Cystic Fibrosis Drugs Can Be Tested First Using Patient’s Own Stem Cells in Laboratory-Term Life

Stem cells obtained from the gut of a patient with cystic fibrosis (CF) and grown in the laboratory could help predict whether a certain treatment will be effective for that particular patient – potentially saving the patient from enduring long and stressful treatments that may never work.

The move is also a step forward in personalized medicine.

In a press release, Dr. Jeffrey Beekman, head of the laboratory that developed the science at University Medical Center (UMC), Utrecht, Netherlands, said testing in the laboratory offers new perspectives for applying existing medicines and developing new ones.

“We are able to grow stem cells into what are known as organoids, in the laboratory. These organoids are genetically identical to the patient and ideal for studying cystic fibrosis. You can tell from them whether the disease will be mild or severe and predict whether or not the patient will respond to certain medicines,” Beekman said.

In a proof of principal study, scientists isolated stem cells from the gut of a small number of CF, then researchers grew the cells in the laboratory to test different drugs.

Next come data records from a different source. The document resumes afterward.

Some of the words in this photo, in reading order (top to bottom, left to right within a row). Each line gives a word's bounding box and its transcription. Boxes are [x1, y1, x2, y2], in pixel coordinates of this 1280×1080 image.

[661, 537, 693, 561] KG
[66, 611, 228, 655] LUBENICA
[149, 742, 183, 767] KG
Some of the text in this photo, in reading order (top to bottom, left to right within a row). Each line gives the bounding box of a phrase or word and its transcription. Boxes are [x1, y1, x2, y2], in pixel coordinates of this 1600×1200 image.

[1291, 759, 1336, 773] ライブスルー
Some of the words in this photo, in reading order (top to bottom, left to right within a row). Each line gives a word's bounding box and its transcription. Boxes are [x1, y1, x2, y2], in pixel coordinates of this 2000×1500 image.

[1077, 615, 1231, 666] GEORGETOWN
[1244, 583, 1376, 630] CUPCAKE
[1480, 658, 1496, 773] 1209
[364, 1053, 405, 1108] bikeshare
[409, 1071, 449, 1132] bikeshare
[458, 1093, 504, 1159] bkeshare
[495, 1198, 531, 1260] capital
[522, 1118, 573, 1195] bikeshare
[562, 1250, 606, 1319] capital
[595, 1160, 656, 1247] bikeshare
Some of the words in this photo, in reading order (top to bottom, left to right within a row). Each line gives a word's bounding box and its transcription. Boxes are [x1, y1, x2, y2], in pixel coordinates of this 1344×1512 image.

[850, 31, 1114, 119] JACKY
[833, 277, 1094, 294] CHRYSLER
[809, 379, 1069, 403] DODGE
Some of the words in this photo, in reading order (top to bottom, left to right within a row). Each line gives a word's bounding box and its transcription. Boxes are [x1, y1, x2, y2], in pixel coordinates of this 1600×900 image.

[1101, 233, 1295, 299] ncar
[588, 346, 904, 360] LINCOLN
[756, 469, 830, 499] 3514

They observed that the efficacy of a drug could be determined using the stem cells, and that the approach could help doctors select the drug, or combination of drugs, most likely to be effective inside the body of the patient.

“With our new organoid technology, which we have already used on some 200 CF patients, we are entering a new era of individualized treatment,” said Dr. Kors van der Ent, head of the CF Center at UMC Utrecht.

CF is a severe genetic condition present from birth. It affects a person’s ability to breath and also makes them more susceptible to lung infections. Many drugs exist to treat CF but they are usually very expensive and do not work for every patient.

Clinical trials to test the efficacy of each CF drug on the right group of patients is difficult and time consuming. Some types of CF are so rare that it is nearly impossible to conduct a meaningful clinical trial.